C’est l’histoire d’une petite fille noire devenue en quelques heures la coqueluche des télés et réseaux sociaux aux Etats-Unis...

Michelle et Barack Obama à la National Gallery
Michelle et Barack Obama à la National Gallery © Getty / Mark Wilson

Histoire désolante et passionnante  à la fois. 

Acte 1 : Une pitchounette minuscule – elle n’a que deux ans - est photographiée à la National Gallery face à l’immense portrait officiel de Michelle Obama que le musée vient de dévoiler. Le visage de la fillette dit une absolue fascination. Le cliché fait le tour de la toile. 

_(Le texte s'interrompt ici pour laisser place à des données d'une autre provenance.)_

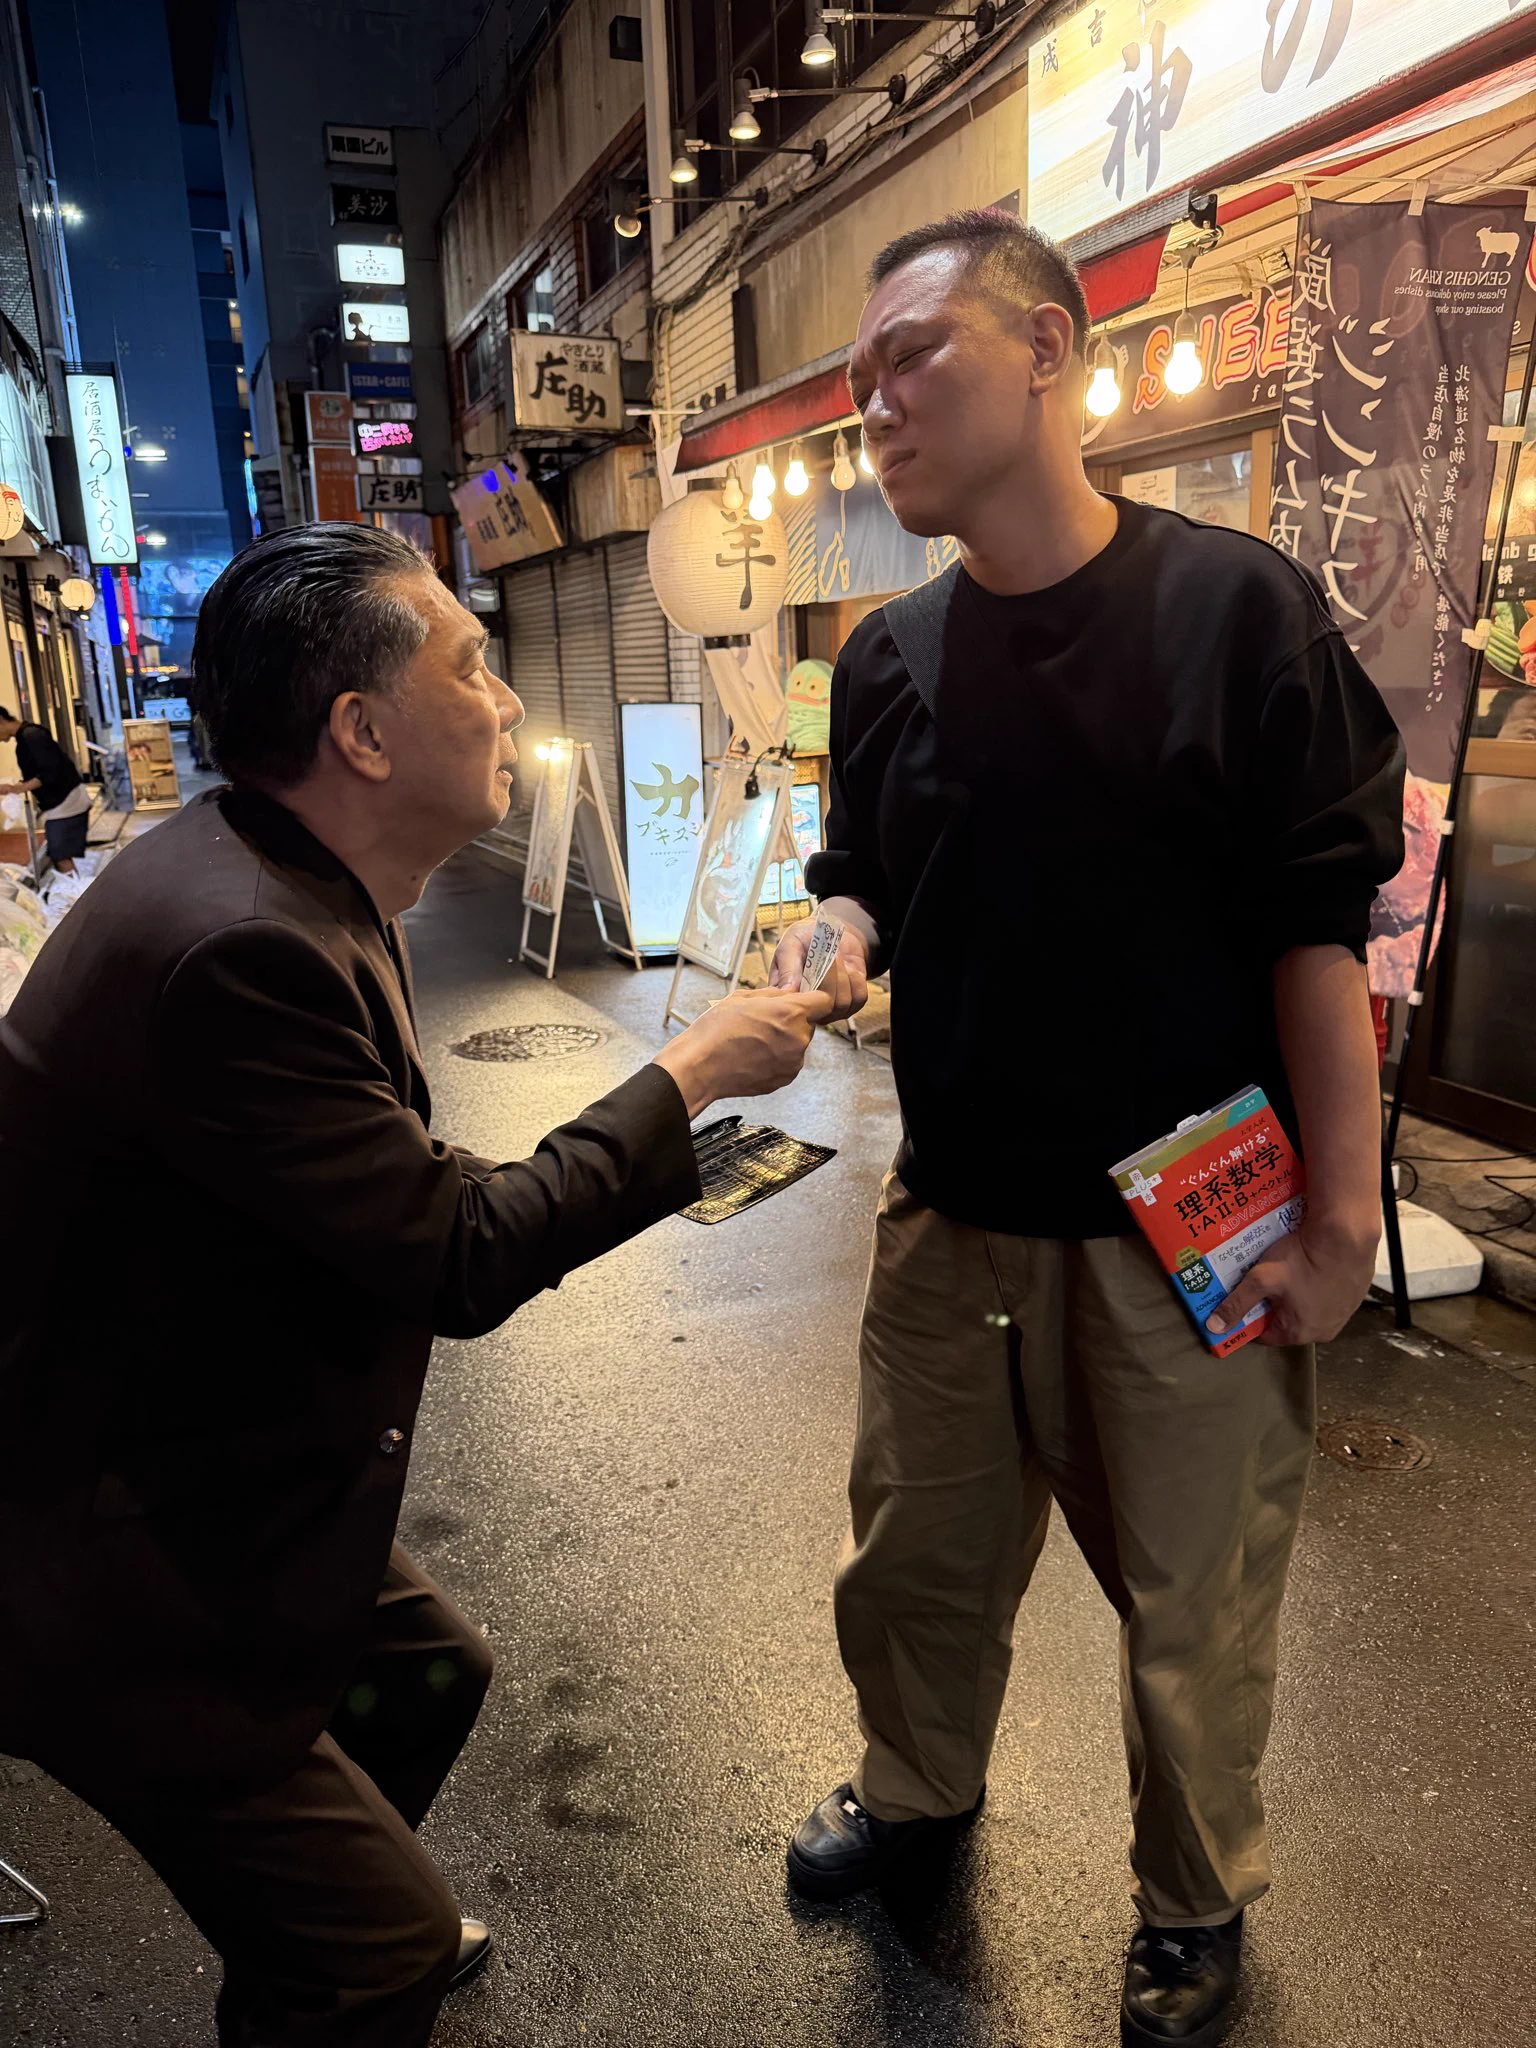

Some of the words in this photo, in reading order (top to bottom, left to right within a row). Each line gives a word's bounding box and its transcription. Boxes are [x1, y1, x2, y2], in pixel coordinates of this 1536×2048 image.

Acte 2 : Le site d’info Buzzfeed – dans son show du matin diffusé sur Twitter – retrouve la gamine et l’interviewe en direct et en duplex depuis chez elle aux côtés de sa maman. Là, Parker, c’est le nom de la fillette, prononce au sujet de l’ex-première dame cette phrase magique :  « She’s a queen » : c’est une reine. Woaah ! Pile ce qu’une certaine Amérique attendait. Et le couple Obama aussi, jamais en retard d’une leçon de com’ politique. Illico, Michelle rend visite à la famille de Parker. Elle se filme en train de danser un petit jerk endiablé avec la môme. 

Courte séquence que Michelle Obama va tweeter elle-même

Bah, tiens. Aussitôt, CNN – oui, la chaîne d’info que Trump déteste  – invite en plateau la petite Parker qui dit n’importe quoi assise sur les genoux de sa mère. 

« Elle te manque, Michelle ? Oui, elle s’est faite une nouvelle amie ». Beurk. On a mal pour le journalisme et mal pour les anciens boss de la Maison Blanche. Leur nouvelle coqueluche a 2 ans. Elle parle à peine. Elle ne sait pas ce que signifie être Président. Elle ne sait pas la difficulté des Noirs à accéder aux strates du pouvoir. Elle n’a pas conscience de sa propre condition d’afro-américaine. 

Il n’y a rien de politique chez Parker, seulement une toute petite fille qui a poussé un cri d’admiration devant une grande dame noire peinte sur un grand tableau. Et c’est là, en fait, que l’histoire devient politique. Dans cette Amérique qui fait un triomphe au film de Marvel « Black Panther », la question n’est plus seulement celle de l’ascension sociale, mais celle de la représentation. Où et en quoi une petite fille noire peut-elle se voir ? 

Réponse depuis quelques jours à Washington : au musée et en majesté.